Supplied records:
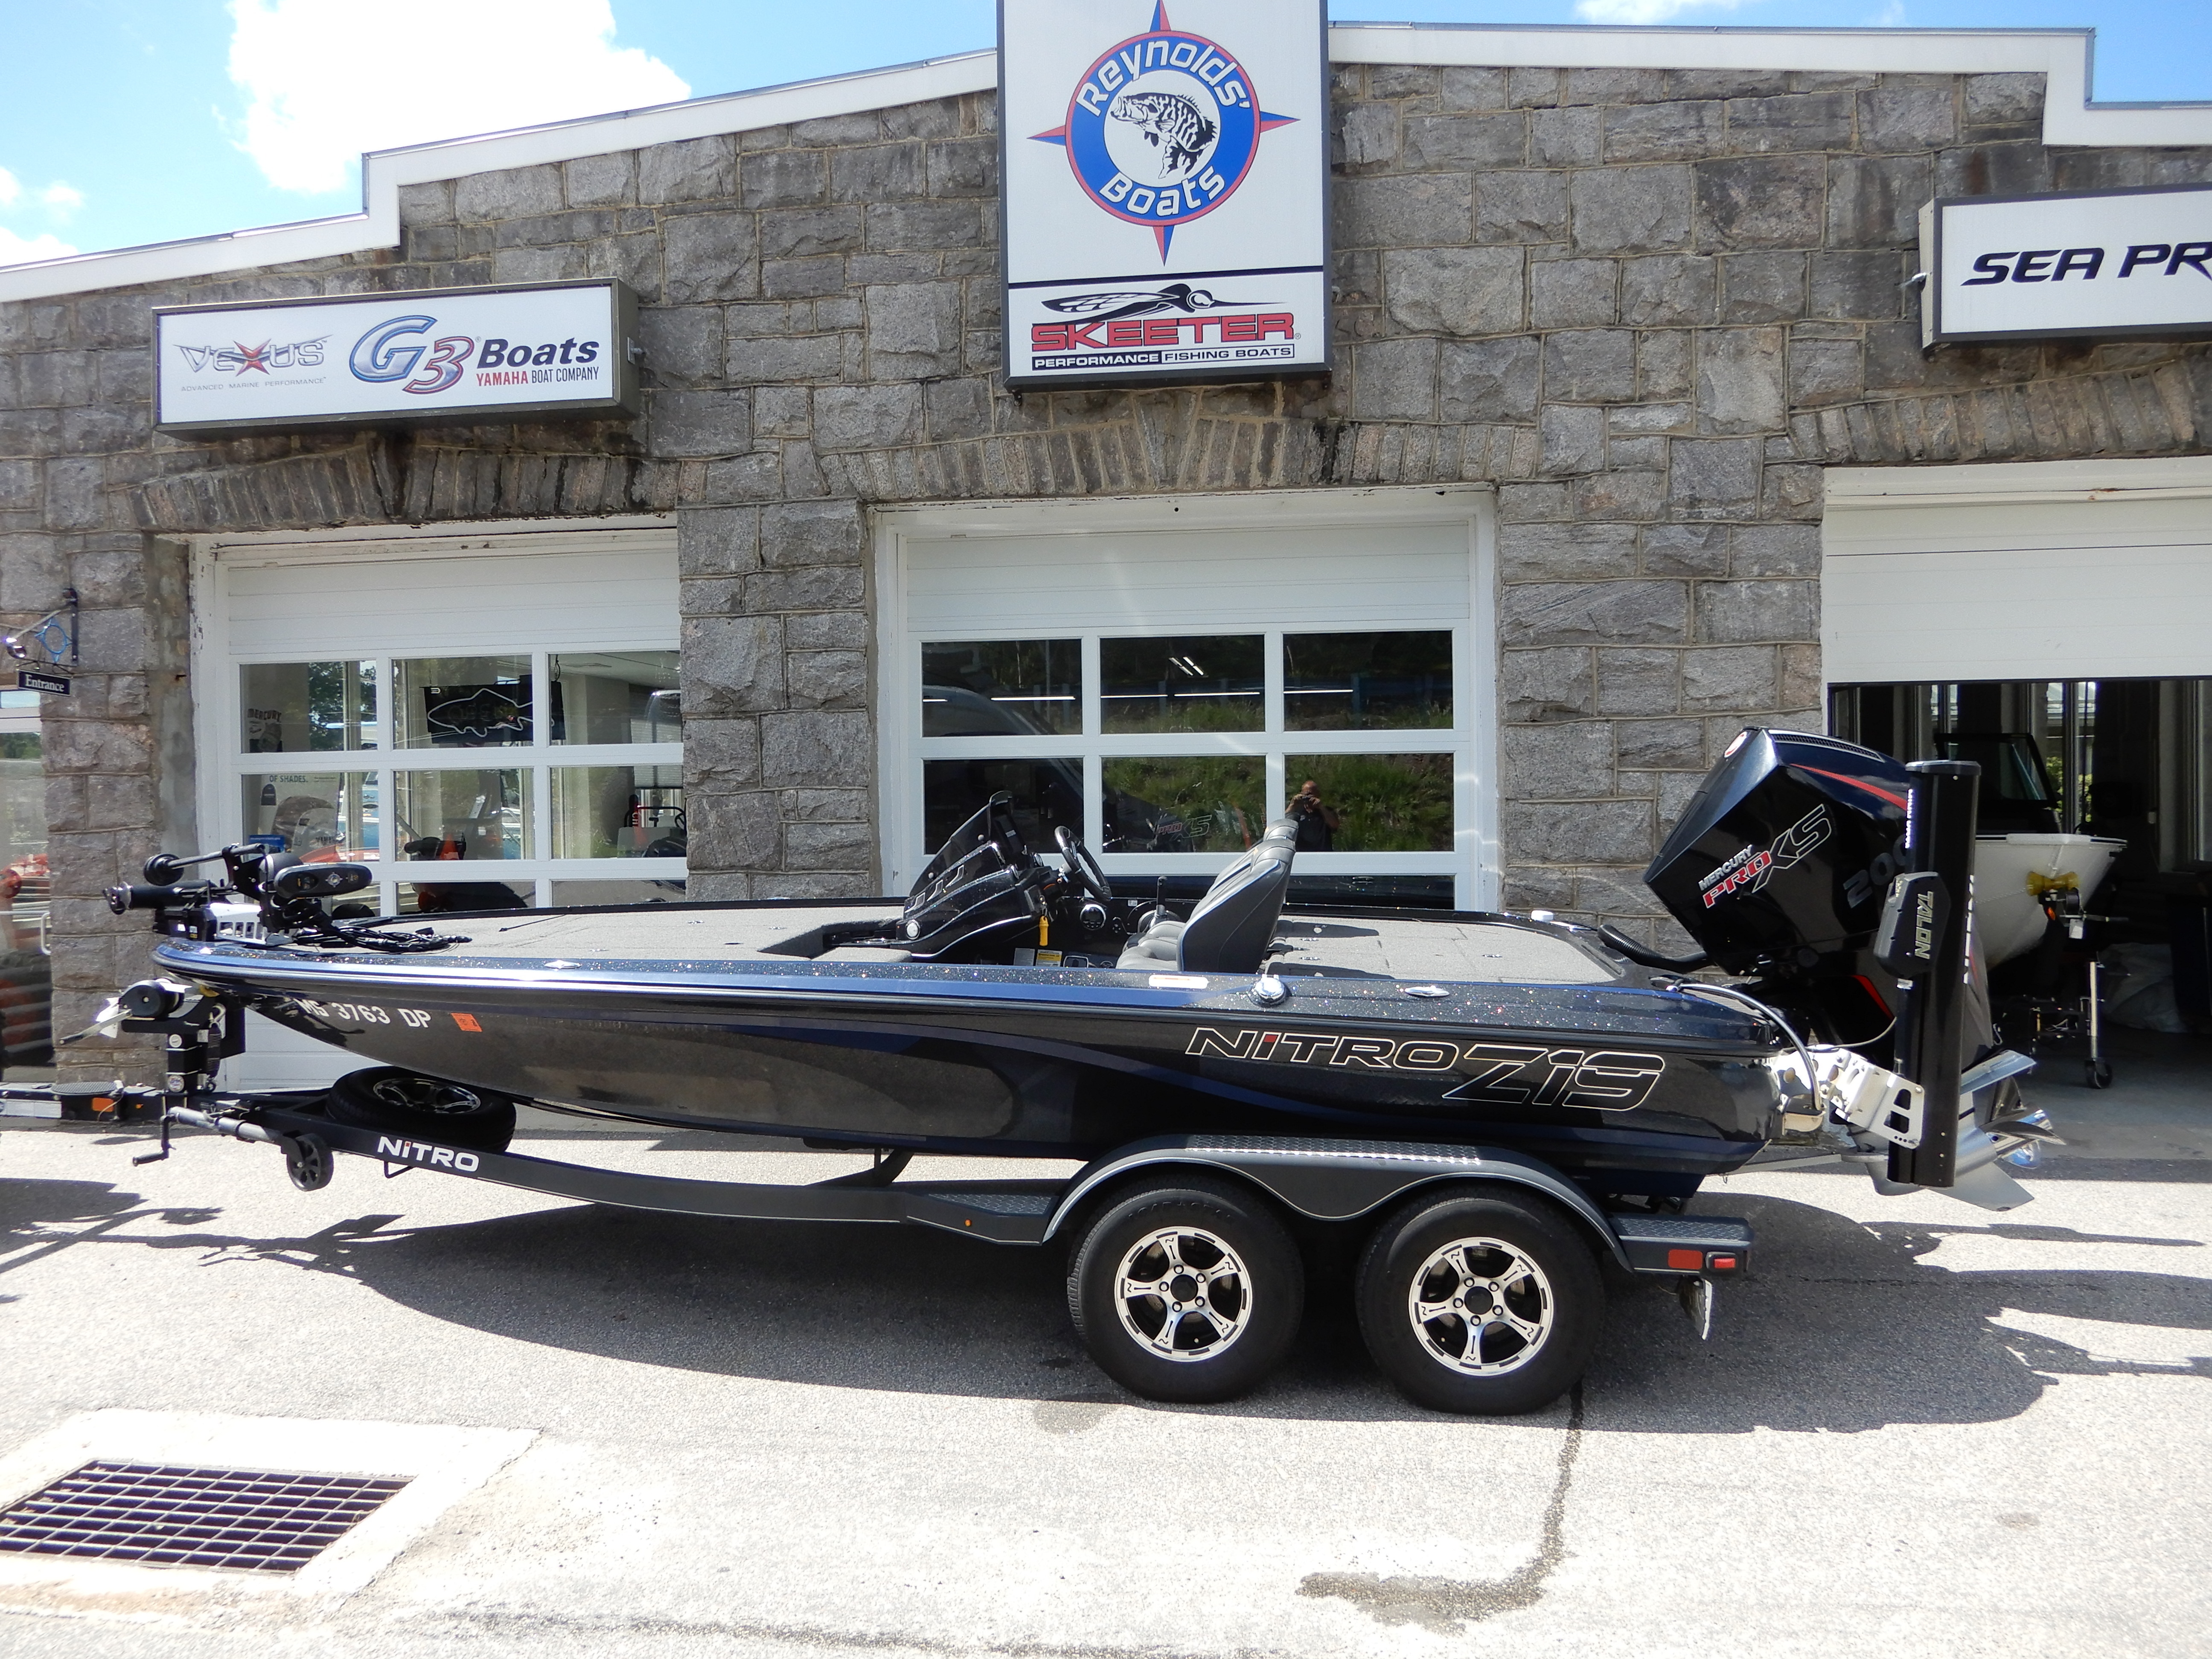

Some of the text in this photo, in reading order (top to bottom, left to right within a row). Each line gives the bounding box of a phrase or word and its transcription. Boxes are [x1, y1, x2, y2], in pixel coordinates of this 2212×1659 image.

[1075, 40, 1250, 117] Reynolds'
[1099, 166, 1225, 217] Boats
[1959, 247, 2105, 287] SEA
[1031, 312, 1294, 352] SKEETER
[173, 334, 333, 377] VEXUS
[349, 314, 600, 394] G3 Boats
[1035, 347, 1291, 368] PERFORMANCE FISHING BOATS
[181, 377, 324, 392] ADVANCED MARINE PERFORMANCE
[476, 366, 600, 387] YAMAHA BOAT COMPANY
[26, 674, 64, 692] Entrance
[1158, 822, 1182, 835] PRO
[1752, 803, 1832, 893] XS
[1698, 844, 1754, 891] MERCURY
[1703, 850, 1772, 909] PRO
[1915, 891, 1934, 960] TALON
[331, 1002, 391, 1024] 3763
[397, 1008, 431, 1028] DP
[1185, 1027, 1665, 1112] NITRO Z19
[378, 1136, 479, 1172] NITRO
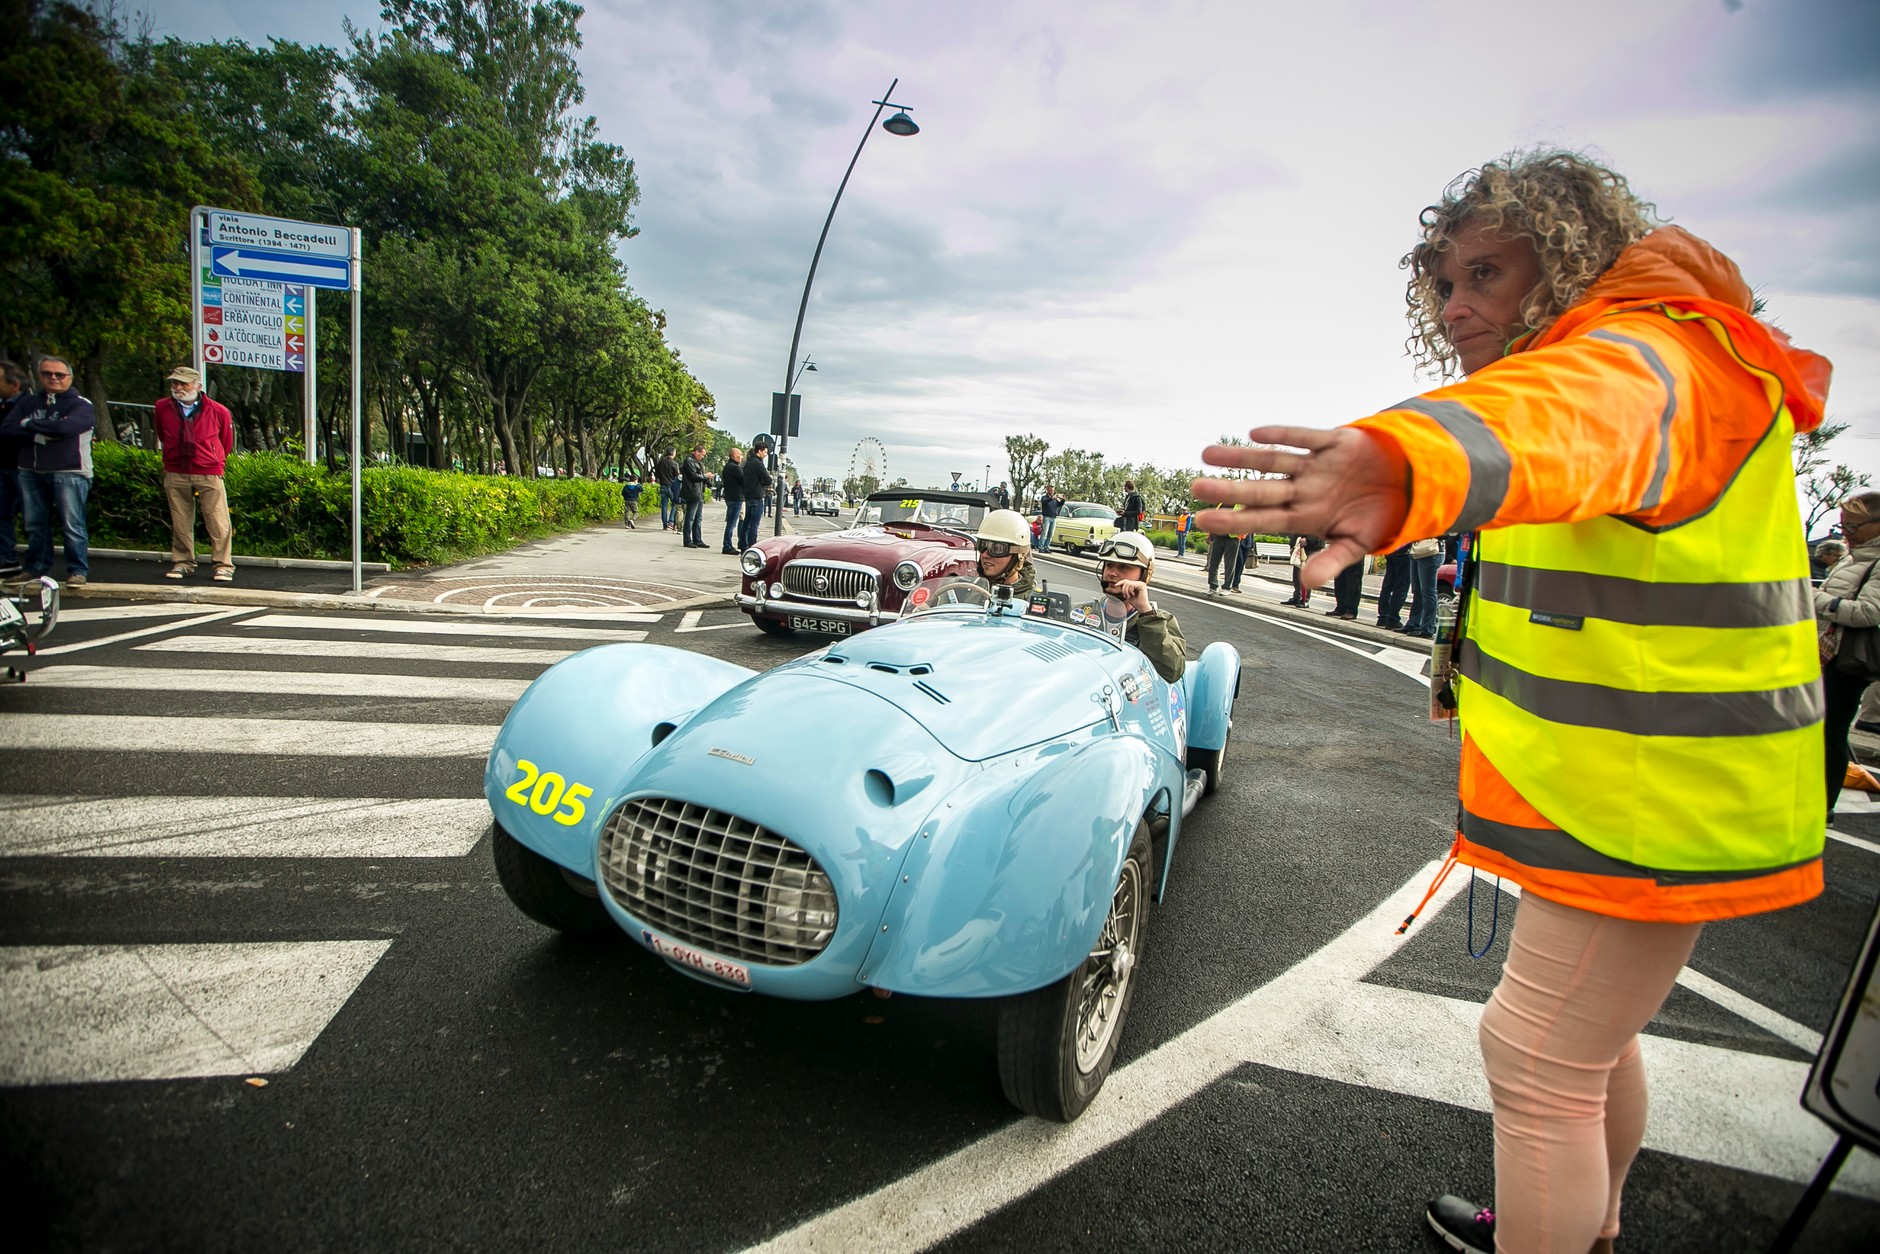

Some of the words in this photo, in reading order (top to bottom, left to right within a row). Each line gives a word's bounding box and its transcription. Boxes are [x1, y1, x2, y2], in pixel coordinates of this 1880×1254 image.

[218, 215, 239, 223] viale
[219, 223, 268, 237] Antonio
[274, 229, 337, 246] Beccadelli
[219, 234, 255, 244] Scrittore
[258, 239, 282, 248] (1394
[289, 242, 311, 251] 1471)
[223, 292, 282, 309] CONTINENTAL
[224, 311, 283, 327] ERBAVOGLIO
[224, 330, 235, 341] LA
[236, 331, 282, 347] COCCINELLA
[224, 350, 282, 366] VODAFONE
[900, 499, 918, 508] 215
[793, 616, 818, 631] 642
[820, 621, 846, 634] SPG
[505, 758, 594, 827] 205

What the exercise asks: Retype each line above exactly and leave out any picture.

Solution for this problem:
Some of the text in this photo, in reading order (top to bottom, left to right within a row). Each line gives the bounding box of a phrase or word and its transcription. Boxes are [x1, y1, x2, y2], in pixel coordinates of this 2212×1659 image.

[1075, 40, 1250, 117] Reynolds'
[1099, 166, 1225, 217] Boats
[1959, 247, 2105, 287] SEA
[1031, 312, 1294, 352] SKEETER
[173, 334, 333, 377] VEXUS
[349, 314, 600, 394] G3 Boats
[1035, 347, 1291, 368] PERFORMANCE FISHING BOATS
[181, 377, 324, 392] ADVANCED MARINE PERFORMANCE
[476, 366, 600, 387] YAMAHA BOAT COMPANY
[26, 674, 64, 692] Entrance
[1158, 822, 1182, 835] PRO
[1752, 803, 1832, 893] XS
[1698, 844, 1754, 891] MERCURY
[1703, 850, 1772, 909] PRO
[1915, 891, 1934, 960] TALON
[331, 1002, 391, 1024] 3763
[397, 1008, 431, 1028] DP
[1185, 1027, 1665, 1112] NITRO Z19
[378, 1136, 479, 1172] NITRO

Some of the words in this photo, in reading order (top to bottom, left to right within a row). Each line gives a word's bounding box and its transcription. Boxes are [x1, y1, x2, y2], in pixel coordinates of this 1880×1254 image.

[218, 215, 239, 223] viale
[219, 223, 268, 237] Antonio
[274, 229, 337, 246] Beccadelli
[219, 234, 255, 244] Scrittore
[258, 239, 282, 248] (1394
[289, 242, 311, 251] 1471)
[223, 292, 282, 309] CONTINENTAL
[224, 311, 283, 327] ERBAVOGLIO
[224, 330, 235, 341] LA
[236, 331, 282, 347] COCCINELLA
[224, 350, 282, 366] VODAFONE
[900, 499, 918, 508] 215
[793, 616, 818, 631] 642
[820, 621, 846, 634] SPG
[505, 758, 594, 827] 205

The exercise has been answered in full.